自分の息子を殺した老人の話
投稿内容を簡単にまとめました。
投稿者は、老人です。
20歳過ぎで見合い結婚をしたが離婚しました。
当時離婚というものは珍しく、どんなひどい夫に対しても妻は我慢するものでしたが、
それでも我慢できないほど酷い亭主だったのだろう
と投稿者は振り返ります。
それから、投稿者は40歳前まで再婚はしませんでした。
しかし、親戚に促されるまま当時10代の女性と再婚することになり一人息子を授かります。
妻は、体を壊して息子が10歳くらいの頃、他界してしまいました。
投稿者にとって、息子は不要なものでしかなかったので、全寮制の学校へ通わせることにしました。
ところが、息子が問題行動を起こるようになり、
学校から度々連絡が来るので嫌になり、
「そっちに任せますのでなんとかして下さい」
と学校に責任を押し付けます。
「私は息子の面倒を見たくはありませんでした。私にとって息子は害でした。
自分勝手で言う事を聞かず、迷惑な存在です。
息子は私を試していた感があります。
わざと何か問題ごとを起こしていたように思えます。
私の妻は息子を愛していました。
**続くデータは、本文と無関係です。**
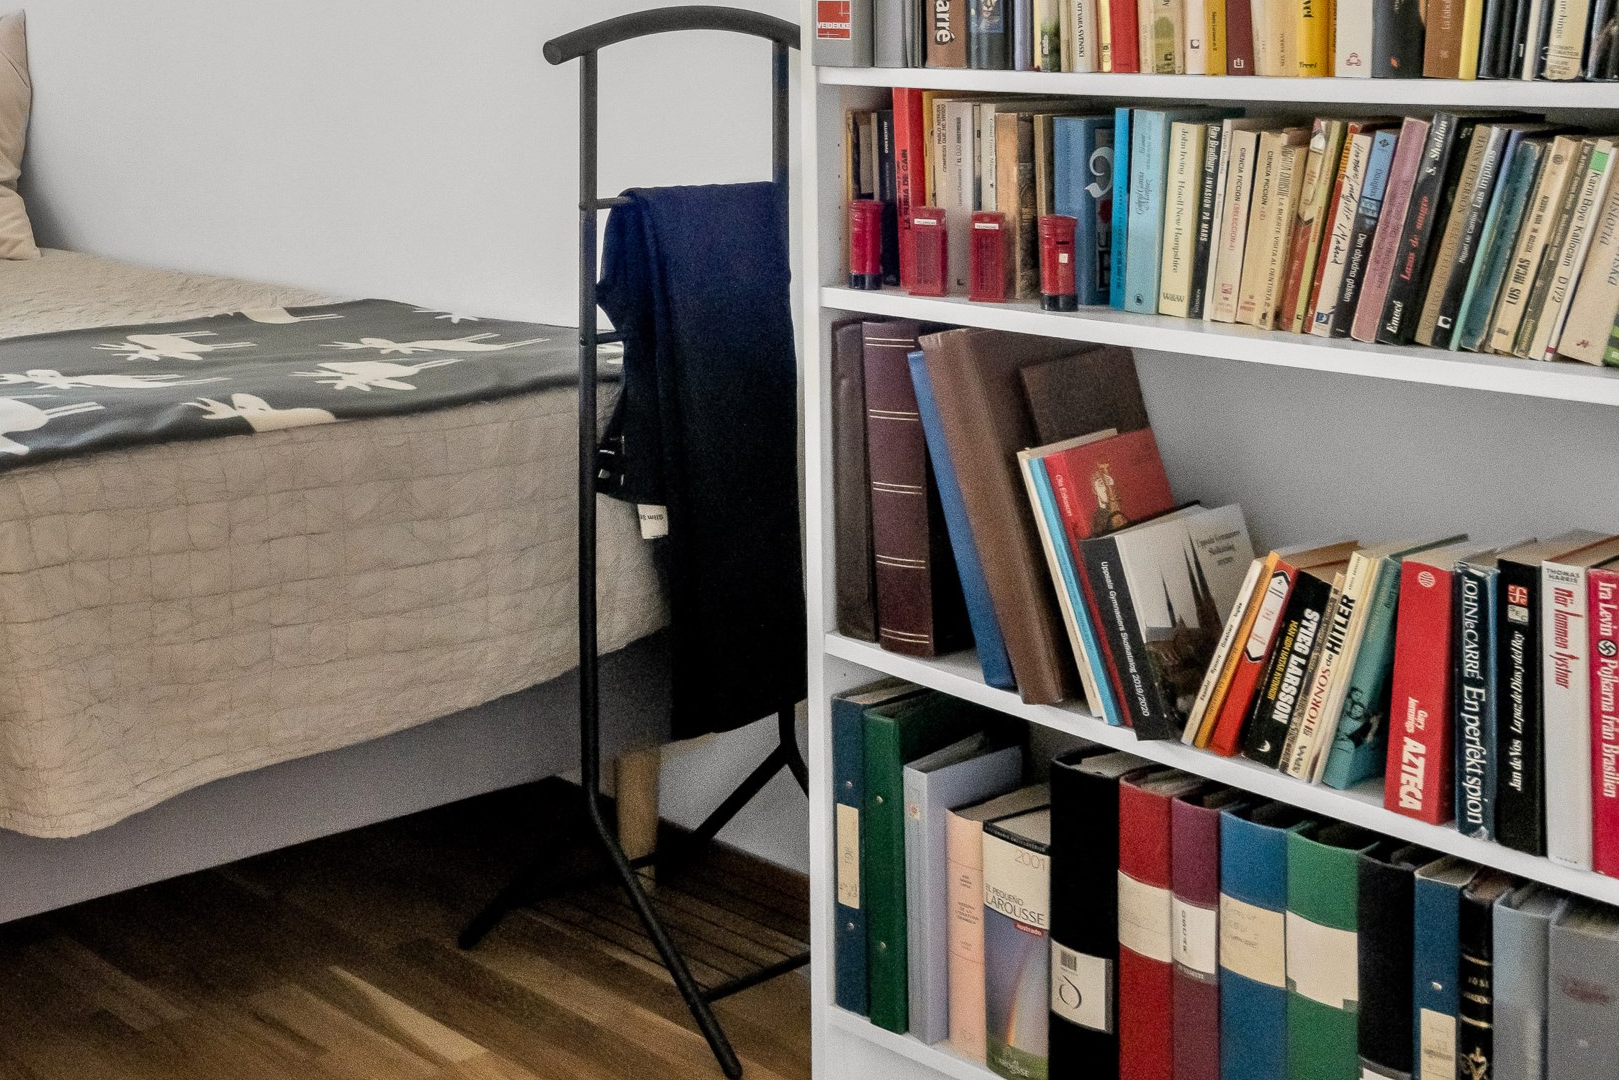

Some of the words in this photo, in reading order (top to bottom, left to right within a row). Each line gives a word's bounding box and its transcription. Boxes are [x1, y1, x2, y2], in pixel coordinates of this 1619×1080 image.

妻が死んだ後、父親は自分を愛してくれているのか、その確認作業の時期だったのだと今になって思います。
ですがはっきりと、私は息子を愛してはいませんでした。
それを探っていた息子もようやく諦め二人の間は冷たいものになりました。
しかし逆に私にはそっちの方が都合よく、
おそらく息子もそうなのだろう、そう思って意味の無い日々を過ごしました。
ある日息子は私に言いました。
『いつも自信があるように見えますね』と
息子に話しかけられること自体久しぶりでした。
しかも誉めているように聞こえました。これには驚きました。
わたしは何を言っていいのか分らず、いいから自分の勉強をしなさいと言いました。
その日の晩息子は首を吊りました。」
私は、先日紹介した、太宰治「トカトントン」を思い出しました。
自分が時代や国家や常識に染まって、戦時中の熱狂や情熱や恋愛の歓びなどの只中にいるのに「トカトントン」という音を聞くと、自分の脳の中で熱狂や情熱や歓びが充満していた容器が壊れてしまって、熱狂や情熱や歓びが流れて消えてしまい我にかえる
という内容の小説です。
この自殺してしまった息子も、「トカトントン」を聞いて、「親の愛の渇望」という容器を壊せたらよかったのにと思いました。
その容器が壊れた時、きっと我に返って、
「なぜ、こんなクソ親父の愛なんかがほしかったのだろうか?」
とそれこそ「文化の果ての大笑い」でもすればよかったのに、と悲しくなりました。
その息子だけでなく、
私自身、器の中に、時代や常識、遠ざけるべき人の嫌な気で充満させて
勝手に苦しんでいることが多いのだなと、自戒しました。
<知恵袋>
・トカトントンで、自戒(自壊)しよう。